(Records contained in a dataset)
============
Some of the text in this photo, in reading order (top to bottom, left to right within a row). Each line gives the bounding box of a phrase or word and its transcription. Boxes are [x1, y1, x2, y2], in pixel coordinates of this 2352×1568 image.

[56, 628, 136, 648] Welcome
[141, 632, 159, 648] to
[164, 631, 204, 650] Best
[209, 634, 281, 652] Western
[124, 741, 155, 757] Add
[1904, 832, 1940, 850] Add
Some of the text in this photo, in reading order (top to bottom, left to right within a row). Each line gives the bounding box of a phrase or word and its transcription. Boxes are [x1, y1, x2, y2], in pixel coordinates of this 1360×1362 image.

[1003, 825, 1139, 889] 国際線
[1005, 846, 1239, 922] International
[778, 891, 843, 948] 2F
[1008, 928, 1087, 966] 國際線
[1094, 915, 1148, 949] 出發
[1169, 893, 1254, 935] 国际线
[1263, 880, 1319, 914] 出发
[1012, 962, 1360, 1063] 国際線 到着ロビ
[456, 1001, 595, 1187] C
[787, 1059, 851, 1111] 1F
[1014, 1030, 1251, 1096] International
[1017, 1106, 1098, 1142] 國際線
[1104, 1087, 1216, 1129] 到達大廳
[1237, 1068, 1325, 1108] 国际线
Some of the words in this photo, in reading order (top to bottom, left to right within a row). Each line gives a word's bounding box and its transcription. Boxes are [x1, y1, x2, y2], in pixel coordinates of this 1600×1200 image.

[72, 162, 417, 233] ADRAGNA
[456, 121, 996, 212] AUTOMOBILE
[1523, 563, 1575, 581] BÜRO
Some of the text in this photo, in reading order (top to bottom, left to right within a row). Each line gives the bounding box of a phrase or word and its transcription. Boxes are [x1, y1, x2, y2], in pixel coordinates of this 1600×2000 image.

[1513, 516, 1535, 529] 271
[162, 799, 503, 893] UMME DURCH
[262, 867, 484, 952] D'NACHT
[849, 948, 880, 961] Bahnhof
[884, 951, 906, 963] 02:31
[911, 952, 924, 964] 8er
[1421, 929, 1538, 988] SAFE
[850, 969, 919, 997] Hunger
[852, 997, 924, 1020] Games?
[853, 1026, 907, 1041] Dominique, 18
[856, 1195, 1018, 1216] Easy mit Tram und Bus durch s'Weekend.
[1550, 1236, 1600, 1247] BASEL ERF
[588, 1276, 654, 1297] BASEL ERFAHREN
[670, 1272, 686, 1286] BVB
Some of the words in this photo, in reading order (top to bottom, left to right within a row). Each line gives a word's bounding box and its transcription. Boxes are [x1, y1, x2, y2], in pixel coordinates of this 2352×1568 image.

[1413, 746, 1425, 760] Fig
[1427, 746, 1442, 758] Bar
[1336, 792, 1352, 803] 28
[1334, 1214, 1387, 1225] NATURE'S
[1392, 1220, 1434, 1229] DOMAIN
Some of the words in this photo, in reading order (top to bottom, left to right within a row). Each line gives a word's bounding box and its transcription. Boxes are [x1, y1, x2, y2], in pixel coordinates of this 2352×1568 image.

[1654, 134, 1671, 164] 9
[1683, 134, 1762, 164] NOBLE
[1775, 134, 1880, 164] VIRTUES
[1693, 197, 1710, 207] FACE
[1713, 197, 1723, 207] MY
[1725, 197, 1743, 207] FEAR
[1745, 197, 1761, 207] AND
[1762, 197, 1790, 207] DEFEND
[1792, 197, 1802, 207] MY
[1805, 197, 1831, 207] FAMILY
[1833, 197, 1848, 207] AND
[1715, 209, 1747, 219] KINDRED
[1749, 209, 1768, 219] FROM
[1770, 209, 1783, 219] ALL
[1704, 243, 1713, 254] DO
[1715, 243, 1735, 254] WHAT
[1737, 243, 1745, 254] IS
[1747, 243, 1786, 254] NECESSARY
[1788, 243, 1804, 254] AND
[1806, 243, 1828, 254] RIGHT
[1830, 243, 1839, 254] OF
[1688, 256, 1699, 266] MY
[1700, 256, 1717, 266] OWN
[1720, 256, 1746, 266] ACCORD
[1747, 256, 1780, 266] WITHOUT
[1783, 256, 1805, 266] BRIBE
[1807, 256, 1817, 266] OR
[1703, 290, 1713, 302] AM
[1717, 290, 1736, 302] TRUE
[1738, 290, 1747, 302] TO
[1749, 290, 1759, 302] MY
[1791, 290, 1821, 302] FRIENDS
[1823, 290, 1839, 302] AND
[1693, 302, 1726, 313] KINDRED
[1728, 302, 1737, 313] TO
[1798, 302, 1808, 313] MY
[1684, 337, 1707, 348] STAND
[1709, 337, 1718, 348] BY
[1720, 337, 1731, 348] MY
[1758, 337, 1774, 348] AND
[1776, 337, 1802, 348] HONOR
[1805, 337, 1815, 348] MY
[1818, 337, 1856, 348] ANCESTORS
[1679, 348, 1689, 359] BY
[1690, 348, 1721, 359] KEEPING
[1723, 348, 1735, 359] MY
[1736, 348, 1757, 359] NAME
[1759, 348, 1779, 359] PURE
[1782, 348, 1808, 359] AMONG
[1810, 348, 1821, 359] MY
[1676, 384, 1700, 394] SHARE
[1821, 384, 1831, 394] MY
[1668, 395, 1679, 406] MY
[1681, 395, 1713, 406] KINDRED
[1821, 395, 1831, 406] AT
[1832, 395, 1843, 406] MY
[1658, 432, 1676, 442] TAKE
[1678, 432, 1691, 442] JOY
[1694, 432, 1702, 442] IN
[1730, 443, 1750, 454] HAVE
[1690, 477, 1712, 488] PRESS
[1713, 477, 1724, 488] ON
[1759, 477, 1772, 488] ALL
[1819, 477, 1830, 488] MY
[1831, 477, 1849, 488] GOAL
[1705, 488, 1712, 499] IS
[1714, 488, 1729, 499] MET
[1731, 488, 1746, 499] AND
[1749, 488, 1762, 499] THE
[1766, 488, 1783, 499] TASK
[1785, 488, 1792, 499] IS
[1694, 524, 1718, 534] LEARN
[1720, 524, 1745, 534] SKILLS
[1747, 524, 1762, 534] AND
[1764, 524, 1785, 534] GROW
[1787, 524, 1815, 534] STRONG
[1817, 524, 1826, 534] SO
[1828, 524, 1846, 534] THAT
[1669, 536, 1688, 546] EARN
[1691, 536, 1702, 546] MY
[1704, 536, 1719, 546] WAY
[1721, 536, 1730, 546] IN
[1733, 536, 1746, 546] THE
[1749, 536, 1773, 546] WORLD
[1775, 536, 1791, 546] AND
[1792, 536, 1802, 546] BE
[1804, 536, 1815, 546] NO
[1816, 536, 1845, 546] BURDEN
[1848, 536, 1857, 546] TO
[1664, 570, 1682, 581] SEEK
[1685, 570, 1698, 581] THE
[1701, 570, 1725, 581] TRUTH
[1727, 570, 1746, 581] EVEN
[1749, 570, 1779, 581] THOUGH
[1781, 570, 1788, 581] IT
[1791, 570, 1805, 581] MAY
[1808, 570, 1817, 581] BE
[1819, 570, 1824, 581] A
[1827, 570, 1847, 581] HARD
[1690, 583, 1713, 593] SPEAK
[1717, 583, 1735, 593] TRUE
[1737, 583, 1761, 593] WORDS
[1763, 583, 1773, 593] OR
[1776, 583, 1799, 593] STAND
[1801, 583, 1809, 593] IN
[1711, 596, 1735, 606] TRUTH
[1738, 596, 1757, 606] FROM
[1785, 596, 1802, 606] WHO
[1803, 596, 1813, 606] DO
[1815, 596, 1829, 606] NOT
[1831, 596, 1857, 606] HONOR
============
▶ Action item
Line by line, copy the data above.

▶ Solution for this task
Some of the text in this photo, in reading order (top to bottom, left to right within a row). Each line gives the bounding box of a phrase or word and its transcription. Boxes are [x1, y1, x2, y2], in pixel coordinates of this 2352×1568 image.

[56, 628, 136, 648] Welcome
[141, 632, 159, 648] to
[164, 631, 204, 650] Best
[209, 634, 281, 652] Western
[124, 741, 155, 757] Add
[1904, 832, 1940, 850] Add
Some of the text in this photo, in reading order (top to bottom, left to right within a row). Each line gives the bounding box of a phrase or word and its transcription. Boxes are [x1, y1, x2, y2], in pixel coordinates of this 1360×1362 image.

[1003, 825, 1139, 889] 国際線
[1005, 846, 1239, 922] International
[778, 891, 843, 948] 2F
[1008, 928, 1087, 966] 國際線
[1094, 915, 1148, 949] 出發
[1169, 893, 1254, 935] 国际线
[1263, 880, 1319, 914] 出发
[1012, 962, 1360, 1063] 国際線 到着ロビ
[456, 1001, 595, 1187] C
[787, 1059, 851, 1111] 1F
[1014, 1030, 1251, 1096] International
[1017, 1106, 1098, 1142] 國際線
[1104, 1087, 1216, 1129] 到達大廳
[1237, 1068, 1325, 1108] 国际线
Some of the words in this photo, in reading order (top to bottom, left to right within a row). Each line gives a word's bounding box and its transcription. Boxes are [x1, y1, x2, y2], in pixel coordinates of this 1600×1200 image.

[72, 162, 417, 233] ADRAGNA
[456, 121, 996, 212] AUTOMOBILE
[1523, 563, 1575, 581] BÜRO
Some of the text in this photo, in reading order (top to bottom, left to right within a row). Each line gives the bounding box of a phrase or word and its transcription. Boxes are [x1, y1, x2, y2], in pixel coordinates of this 1600×2000 image.

[1513, 516, 1535, 529] 271
[162, 799, 503, 893] UMME DURCH
[262, 867, 484, 952] D'NACHT
[849, 948, 880, 961] Bahnhof
[884, 951, 906, 963] 02:31
[911, 952, 924, 964] 8er
[1421, 929, 1538, 988] SAFE
[850, 969, 919, 997] Hunger
[852, 997, 924, 1020] Games?
[853, 1026, 907, 1041] Dominique, 18
[856, 1195, 1018, 1216] Easy mit Tram und Bus durch s'Weekend.
[1550, 1236, 1600, 1247] BASEL ERF
[588, 1276, 654, 1297] BASEL ERFAHREN
[670, 1272, 686, 1286] BVB
Some of the words in this photo, in reading order (top to bottom, left to right within a row). Each line gives a word's bounding box and its transcription. Boxes are [x1, y1, x2, y2], in pixel coordinates of this 2352×1568 image.

[1413, 746, 1425, 760] Fig
[1427, 746, 1442, 758] Bar
[1336, 792, 1352, 803] 28
[1334, 1214, 1387, 1225] NATURE'S
[1392, 1220, 1434, 1229] DOMAIN
Some of the words in this photo, in reading order (top to bottom, left to right within a row). Each line gives a word's bounding box and its transcription. Boxes are [x1, y1, x2, y2], in pixel coordinates of this 2352×1568 image.

[1654, 134, 1671, 164] 9
[1683, 134, 1762, 164] NOBLE
[1775, 134, 1880, 164] VIRTUES
[1693, 197, 1710, 207] FACE
[1713, 197, 1723, 207] MY
[1725, 197, 1743, 207] FEAR
[1745, 197, 1761, 207] AND
[1762, 197, 1790, 207] DEFEND
[1792, 197, 1802, 207] MY
[1805, 197, 1831, 207] FAMILY
[1833, 197, 1848, 207] AND
[1715, 209, 1747, 219] KINDRED
[1749, 209, 1768, 219] FROM
[1770, 209, 1783, 219] ALL
[1704, 243, 1713, 254] DO
[1715, 243, 1735, 254] WHAT
[1737, 243, 1745, 254] IS
[1747, 243, 1786, 254] NECESSARY
[1788, 243, 1804, 254] AND
[1806, 243, 1828, 254] RIGHT
[1830, 243, 1839, 254] OF
[1688, 256, 1699, 266] MY
[1700, 256, 1717, 266] OWN
[1720, 256, 1746, 266] ACCORD
[1747, 256, 1780, 266] WITHOUT
[1783, 256, 1805, 266] BRIBE
[1807, 256, 1817, 266] OR
[1703, 290, 1713, 302] AM
[1717, 290, 1736, 302] TRUE
[1738, 290, 1747, 302] TO
[1749, 290, 1759, 302] MY
[1791, 290, 1821, 302] FRIENDS
[1823, 290, 1839, 302] AND
[1693, 302, 1726, 313] KINDRED
[1728, 302, 1737, 313] TO
[1798, 302, 1808, 313] MY
[1684, 337, 1707, 348] STAND
[1709, 337, 1718, 348] BY
[1720, 337, 1731, 348] MY
[1758, 337, 1774, 348] AND
[1776, 337, 1802, 348] HONOR
[1805, 337, 1815, 348] MY
[1818, 337, 1856, 348] ANCESTORS
[1679, 348, 1689, 359] BY
[1690, 348, 1721, 359] KEEPING
[1723, 348, 1735, 359] MY
[1736, 348, 1757, 359] NAME
[1759, 348, 1779, 359] PURE
[1782, 348, 1808, 359] AMONG
[1810, 348, 1821, 359] MY
[1676, 384, 1700, 394] SHARE
[1821, 384, 1831, 394] MY
[1668, 395, 1679, 406] MY
[1681, 395, 1713, 406] KINDRED
[1821, 395, 1831, 406] AT
[1832, 395, 1843, 406] MY
[1658, 432, 1676, 442] TAKE
[1678, 432, 1691, 442] JOY
[1694, 432, 1702, 442] IN
[1730, 443, 1750, 454] HAVE
[1690, 477, 1712, 488] PRESS
[1713, 477, 1724, 488] ON
[1759, 477, 1772, 488] ALL
[1819, 477, 1830, 488] MY
[1831, 477, 1849, 488] GOAL
[1705, 488, 1712, 499] IS
[1714, 488, 1729, 499] MET
[1731, 488, 1746, 499] AND
[1749, 488, 1762, 499] THE
[1766, 488, 1783, 499] TASK
[1785, 488, 1792, 499] IS
[1694, 524, 1718, 534] LEARN
[1720, 524, 1745, 534] SKILLS
[1747, 524, 1762, 534] AND
[1764, 524, 1785, 534] GROW
[1787, 524, 1815, 534] STRONG
[1817, 524, 1826, 534] SO
[1828, 524, 1846, 534] THAT
[1669, 536, 1688, 546] EARN
[1691, 536, 1702, 546] MY
[1704, 536, 1719, 546] WAY
[1721, 536, 1730, 546] IN
[1733, 536, 1746, 546] THE
[1749, 536, 1773, 546] WORLD
[1775, 536, 1791, 546] AND
[1792, 536, 1802, 546] BE
[1804, 536, 1815, 546] NO
[1816, 536, 1845, 546] BURDEN
[1848, 536, 1857, 546] TO
[1664, 570, 1682, 581] SEEK
[1685, 570, 1698, 581] THE
[1701, 570, 1725, 581] TRUTH
[1727, 570, 1746, 581] EVEN
[1749, 570, 1779, 581] THOUGH
[1781, 570, 1788, 581] IT
[1791, 570, 1805, 581] MAY
[1808, 570, 1817, 581] BE
[1819, 570, 1824, 581] A
[1827, 570, 1847, 581] HARD
[1690, 583, 1713, 593] SPEAK
[1717, 583, 1735, 593] TRUE
[1737, 583, 1761, 593] WORDS
[1763, 583, 1773, 593] OR
[1776, 583, 1799, 593] STAND
[1801, 583, 1809, 593] IN
[1711, 596, 1735, 606] TRUTH
[1738, 596, 1757, 606] FROM
[1785, 596, 1802, 606] WHO
[1803, 596, 1813, 606] DO
[1815, 596, 1829, 606] NOT
[1831, 596, 1857, 606] HONOR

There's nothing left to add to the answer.